[Task instructions]: From the first line to the last, restate the material word for word, omitting pictures.

== == ==

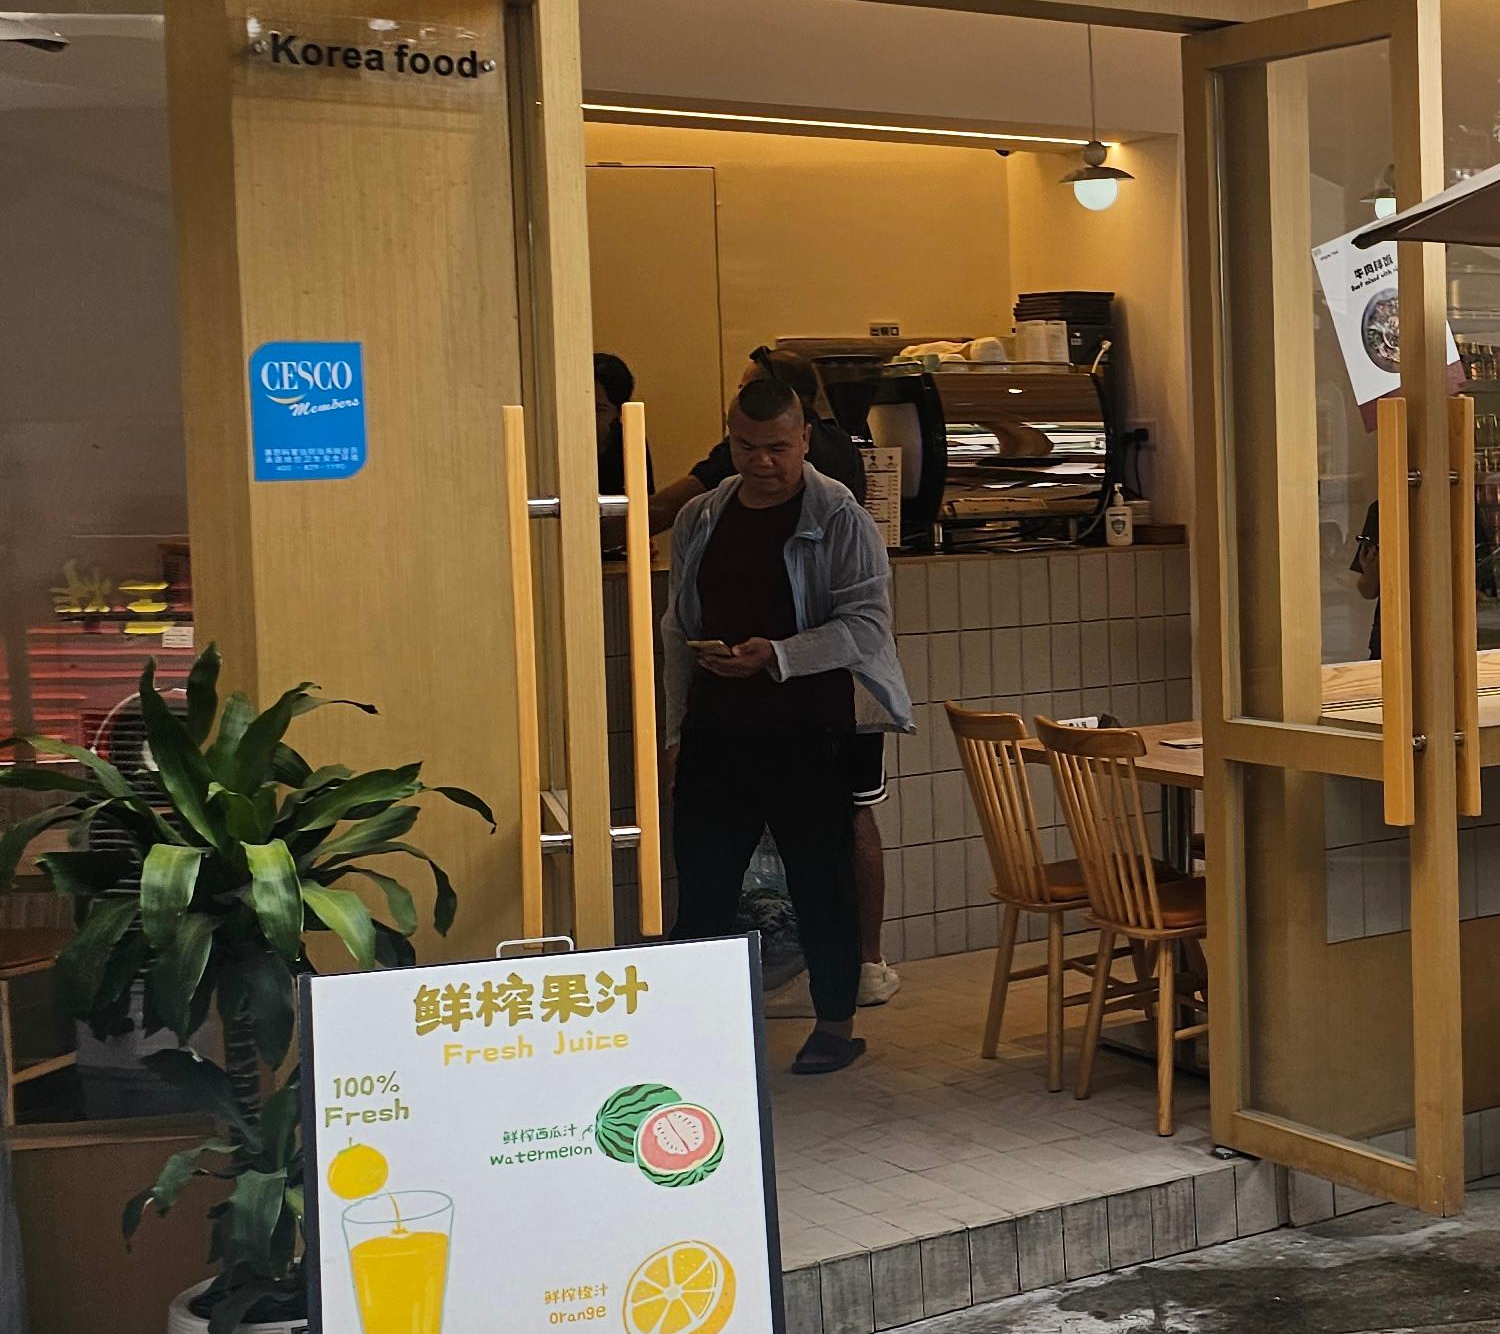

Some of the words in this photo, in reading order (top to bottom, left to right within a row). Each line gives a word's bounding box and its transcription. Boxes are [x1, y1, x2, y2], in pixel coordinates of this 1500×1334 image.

[270, 32, 384, 71] Korea
[394, 44, 479, 79] food
[261, 361, 352, 390] CESCO
[289, 398, 360, 417] Members
[413, 965, 648, 1036] 鲜榨果汁
[442, 1035, 534, 1066] Fresh
[552, 1029, 629, 1055] Juice
[333, 1070, 400, 1099] 100%
[324, 1098, 410, 1128] Fresh
[503, 1123, 577, 1144] 鲜榨西瓜汁
[545, 1283, 609, 1305] 鲜榨橙汁

== == ==

[Task output]:
Some of the words in this photo, in reading order (top to bottom, left to right within a row). Each line gives a word's bounding box and its transcription. Boxes are [x1, y1, x2, y2], in pixel coordinates of this 1500×1334 image.

[270, 32, 384, 71] Korea
[394, 44, 479, 79] food
[261, 361, 352, 390] CESCO
[289, 398, 360, 417] Members
[413, 965, 648, 1036] 鲜榨果汁
[442, 1035, 534, 1066] Fresh
[552, 1029, 629, 1055] Juice
[333, 1070, 400, 1099] 100%
[324, 1098, 410, 1128] Fresh
[503, 1123, 577, 1144] 鲜榨西瓜汁
[545, 1283, 609, 1305] 鲜榨橙汁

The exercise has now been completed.